◆ Material provided ◆
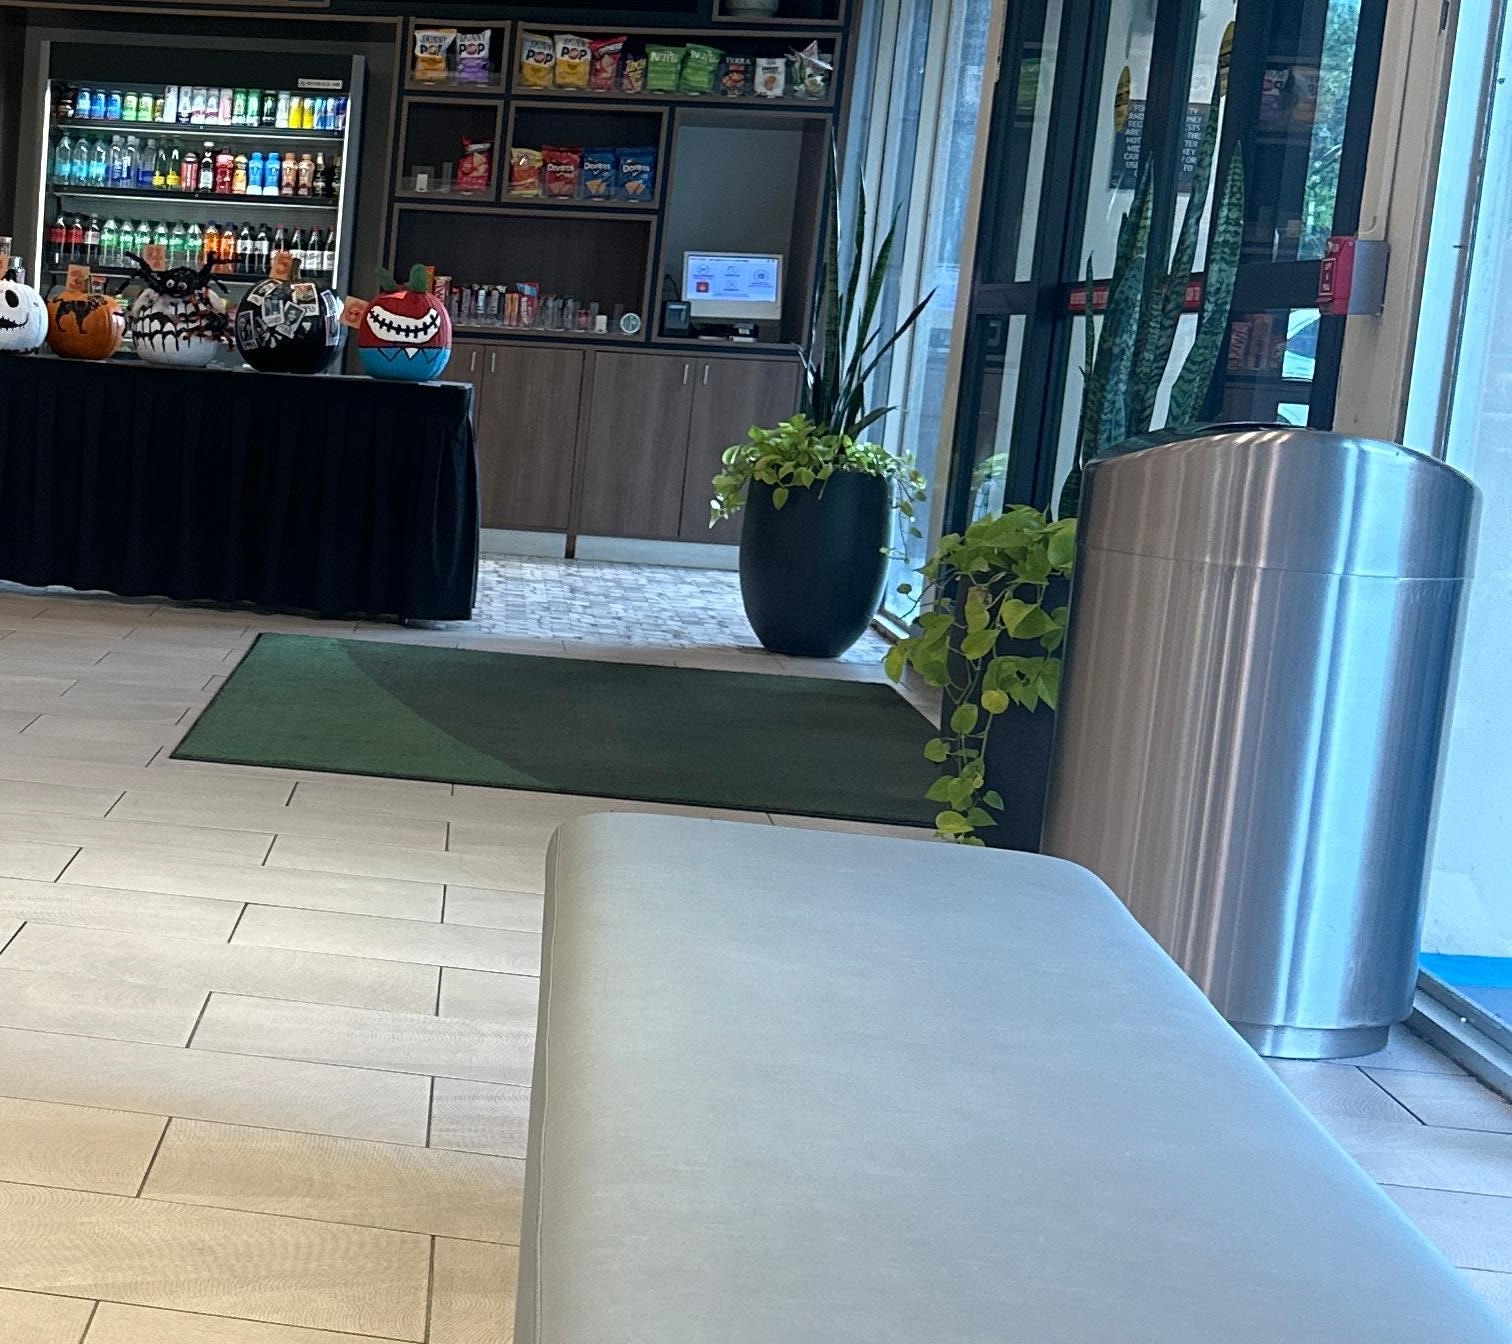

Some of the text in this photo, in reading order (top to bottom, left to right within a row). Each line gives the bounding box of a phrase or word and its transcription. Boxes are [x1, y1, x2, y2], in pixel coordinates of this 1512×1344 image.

[459, 43, 485, 55] POP
[561, 46, 588, 60] POP
[526, 49, 554, 65] POP
[547, 163, 575, 172] Doritos
[584, 162, 610, 171] Doritos
[623, 164, 650, 173] Doritos

◆ Task objective ◆
Take the listing above and retype it exactly. Its pictures are to be omitted.

◆ Written solution ◆
Some of the text in this photo, in reading order (top to bottom, left to right within a row). Each line gives the bounding box of a phrase or word and its transcription. Boxes are [x1, y1, x2, y2], in pixel coordinates of this 1512×1344 image.

[459, 43, 485, 55] POP
[561, 46, 588, 60] POP
[526, 49, 554, 65] POP
[547, 163, 575, 172] Doritos
[584, 162, 610, 171] Doritos
[623, 164, 650, 173] Doritos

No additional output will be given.